PROBLEM DESCRIPTION: Exactly as they appear, transcribe the entries and skip any pictures.

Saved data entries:

BEGIN

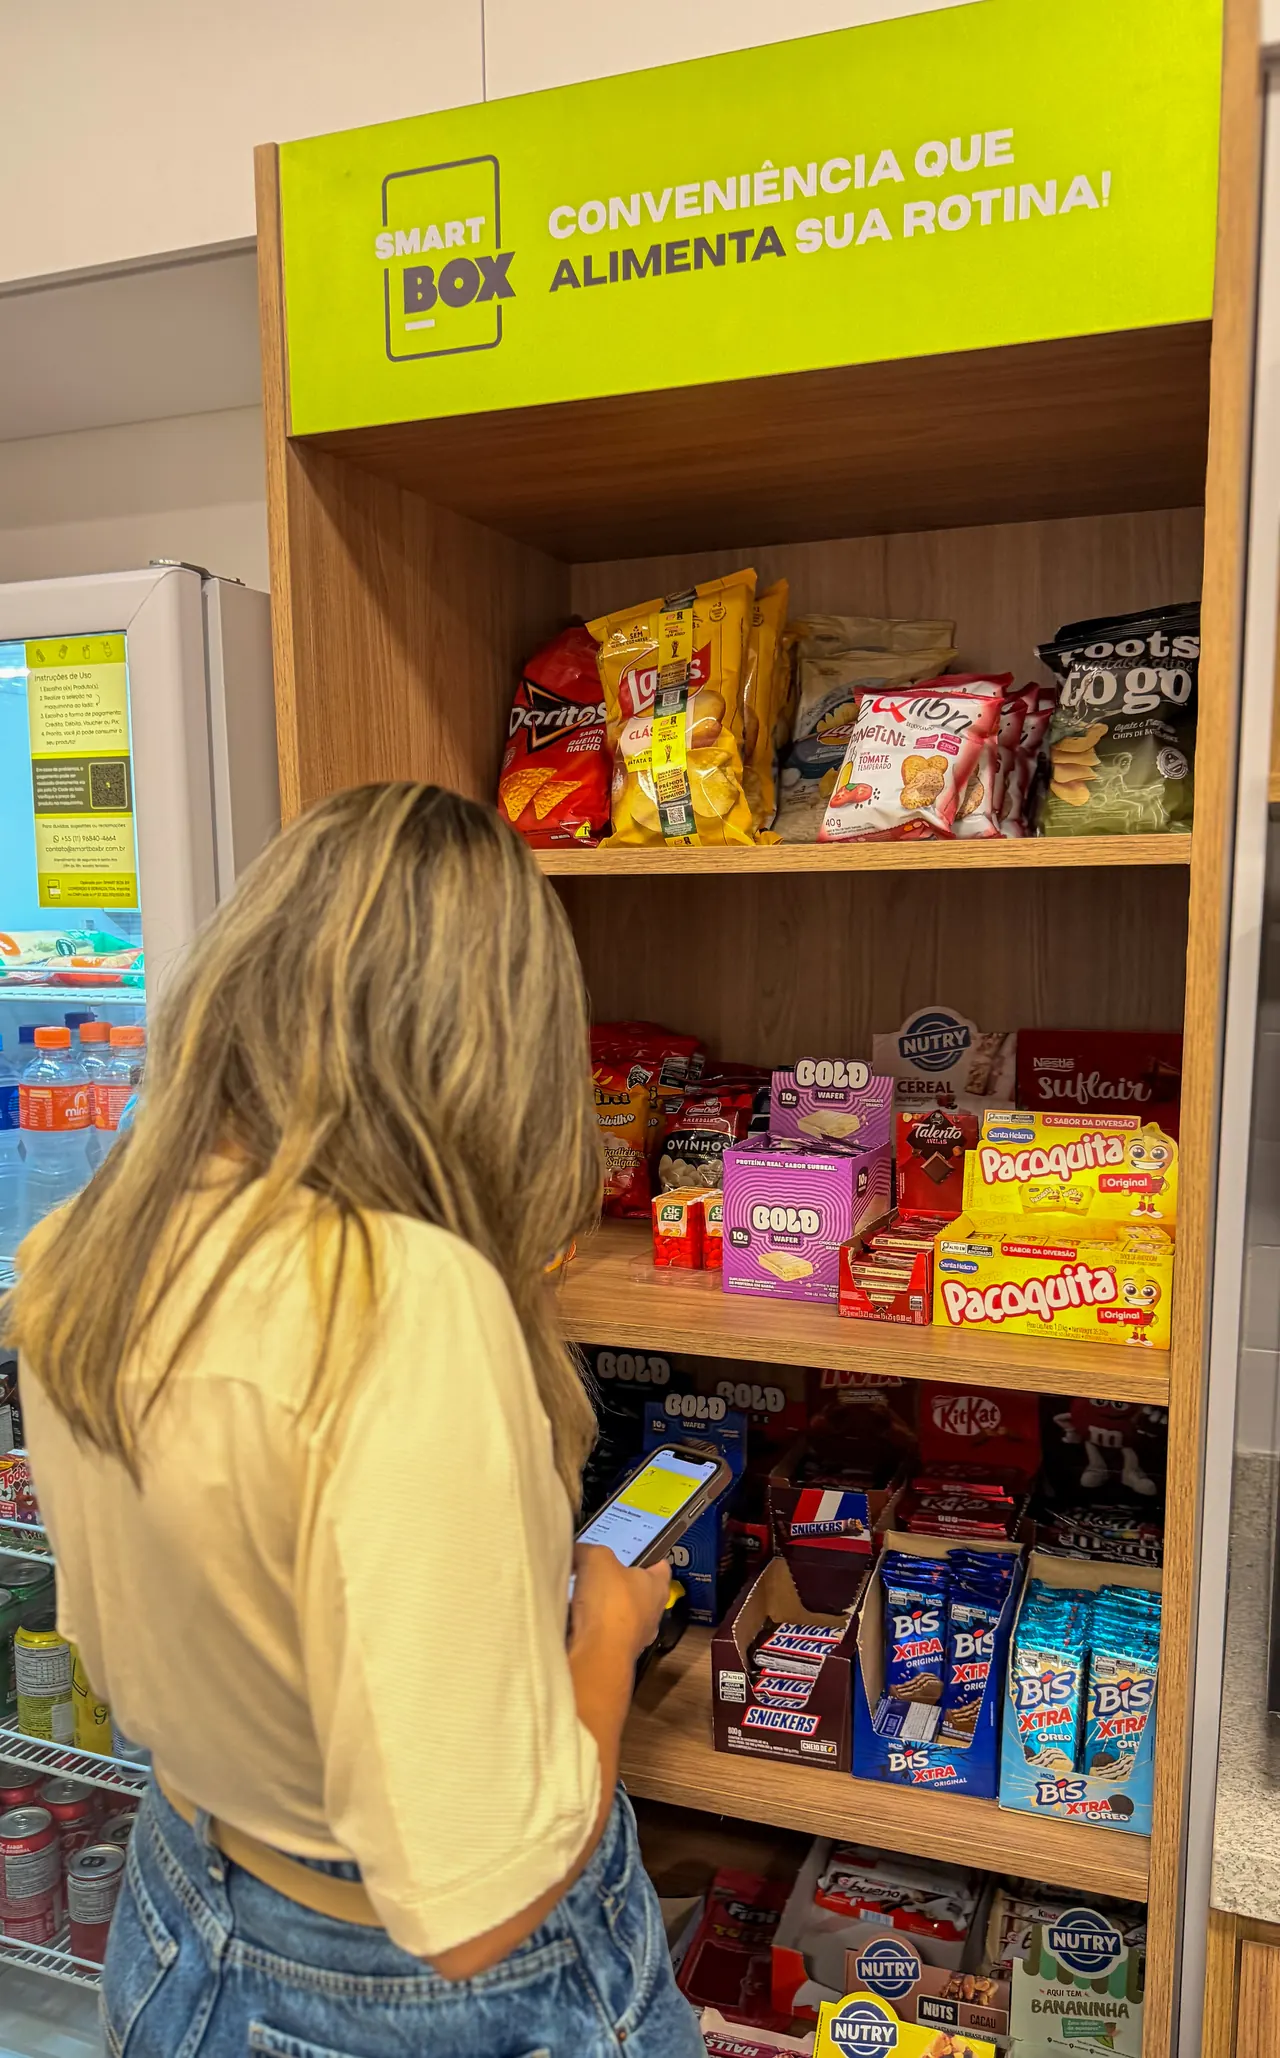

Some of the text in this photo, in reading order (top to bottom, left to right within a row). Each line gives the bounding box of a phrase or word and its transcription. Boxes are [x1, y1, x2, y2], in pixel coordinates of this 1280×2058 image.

[548, 128, 1014, 240] CONVENIÊNCIA QUE
[375, 216, 486, 260] SMART
[549, 171, 1112, 293] ALIMENTA SUA ROTINA!
[403, 251, 516, 315] BOX
[1058, 631, 1200, 668] roots
[34, 671, 92, 682] Instruções de Uso
[1060, 667, 1192, 715] to go
[509, 701, 608, 738] Doritos
[568, 736, 602, 746] QUEIJO
[857, 763, 892, 772] TEMPERADO
[859, 755, 890, 765] TOMATE
[903, 1029, 968, 1055] NUTRY
[796, 1059, 869, 1089] BOLD
[817, 1091, 845, 1100] WAFER
[897, 1081, 955, 1094] CEREAL
[1038, 1072, 1152, 1105] suflair
[911, 1123, 962, 1140] Talento
[1053, 1118, 1080, 1126] SABOR
[1095, 1119, 1135, 1128] DIVERSÃO
[988, 1131, 1034, 1140] Santa Helena
[667, 1140, 730, 1151] OVINHOS
[735, 1158, 766, 1167] PROTEÍNA
[784, 1161, 806, 1169] SABOR
[981, 1133, 1124, 1183] Paçoquita
[1107, 1178, 1148, 1189] Original
[663, 1212, 680, 1221] tac
[667, 1206, 682, 1214] tic
[711, 1212, 723, 1221] ta
[714, 1206, 723, 1214] ti
[752, 1205, 820, 1235] BOLD
[773, 1236, 799, 1244] WAFER
[1009, 1246, 1032, 1255] SABOR
[1043, 1248, 1076, 1258] DIVERSÃO
[943, 1265, 1116, 1323] Paçoquita
[1104, 1310, 1141, 1320] Original
[596, 1351, 671, 1385] BOLD
[716, 1380, 786, 1413] BOLD
[664, 1393, 727, 1421] BOLD
[940, 1397, 998, 1434] KitKat
[682, 1420, 706, 1429] WAFER
[791, 1521, 843, 1535] SNICKERS
[892, 1637, 944, 1663] XTRA
[906, 1654, 944, 1668] ORIGINAL
[950, 1661, 990, 1685] XTR
[747, 1708, 816, 1733] SNICKERS
[1019, 1707, 1073, 1733] XTRA
[1096, 1714, 1147, 1740] XTRA
[1037, 1732, 1072, 1742] OREO
[912, 1764, 957, 1784] XTRA
[934, 1777, 968, 1787] ORIGINAL
[1066, 1799, 1112, 1816] XTRA
[1086, 1811, 1129, 1821] OREO
[850, 1881, 900, 1899] bueno
[728, 1901, 778, 1924] Fini
[1053, 1931, 1118, 1953] NUTRY
[861, 1960, 917, 1978] NUTRY
[1046, 1988, 1082, 1997] AQUI TEM
[923, 2001, 954, 2021] NUTS
[1031, 1998, 1130, 2019] BANANINHA
[970, 2014, 996, 2029] CACAU
[834, 2021, 895, 2043] NUTRY
[705, 2038, 760, 2057] HALLS

END

EXERCISE ANSWER:
Some of the text in this photo, in reading order (top to bottom, left to right within a row). Each line gives the bounding box of a phrase or word and its transcription. Boxes are [x1, y1, x2, y2], in pixel coordinates of this 1280×2058 image.

[548, 128, 1014, 240] CONVENIÊNCIA QUE
[375, 216, 486, 260] SMART
[549, 171, 1112, 293] ALIMENTA SUA ROTINA!
[403, 251, 516, 315] BOX
[1058, 631, 1200, 668] roots
[34, 671, 92, 682] Instruções de Uso
[1060, 667, 1192, 715] to go
[509, 701, 608, 738] Doritos
[568, 736, 602, 746] QUEIJO
[857, 763, 892, 772] TEMPERADO
[859, 755, 890, 765] TOMATE
[903, 1029, 968, 1055] NUTRY
[796, 1059, 869, 1089] BOLD
[817, 1091, 845, 1100] WAFER
[897, 1081, 955, 1094] CEREAL
[1038, 1072, 1152, 1105] suflair
[911, 1123, 962, 1140] Talento
[1053, 1118, 1080, 1126] SABOR
[1095, 1119, 1135, 1128] DIVERSÃO
[988, 1131, 1034, 1140] Santa Helena
[667, 1140, 730, 1151] OVINHOS
[735, 1158, 766, 1167] PROTEÍNA
[784, 1161, 806, 1169] SABOR
[981, 1133, 1124, 1183] Paçoquita
[1107, 1178, 1148, 1189] Original
[663, 1212, 680, 1221] tac
[667, 1206, 682, 1214] tic
[711, 1212, 723, 1221] ta
[714, 1206, 723, 1214] ti
[752, 1205, 820, 1235] BOLD
[773, 1236, 799, 1244] WAFER
[1009, 1246, 1032, 1255] SABOR
[1043, 1248, 1076, 1258] DIVERSÃO
[943, 1265, 1116, 1323] Paçoquita
[1104, 1310, 1141, 1320] Original
[596, 1351, 671, 1385] BOLD
[716, 1380, 786, 1413] BOLD
[664, 1393, 727, 1421] BOLD
[940, 1397, 998, 1434] KitKat
[682, 1420, 706, 1429] WAFER
[791, 1521, 843, 1535] SNICKERS
[892, 1637, 944, 1663] XTRA
[906, 1654, 944, 1668] ORIGINAL
[950, 1661, 990, 1685] XTR
[747, 1708, 816, 1733] SNICKERS
[1019, 1707, 1073, 1733] XTRA
[1096, 1714, 1147, 1740] XTRA
[1037, 1732, 1072, 1742] OREO
[912, 1764, 957, 1784] XTRA
[934, 1777, 968, 1787] ORIGINAL
[1066, 1799, 1112, 1816] XTRA
[1086, 1811, 1129, 1821] OREO
[850, 1881, 900, 1899] bueno
[728, 1901, 778, 1924] Fini
[1053, 1931, 1118, 1953] NUTRY
[861, 1960, 917, 1978] NUTRY
[1046, 1988, 1082, 1997] AQUI TEM
[923, 2001, 954, 2021] NUTS
[1031, 1998, 1130, 2019] BANANINHA
[970, 2014, 996, 2029] CACAU
[834, 2021, 895, 2043] NUTRY
[705, 2038, 760, 2057] HALLS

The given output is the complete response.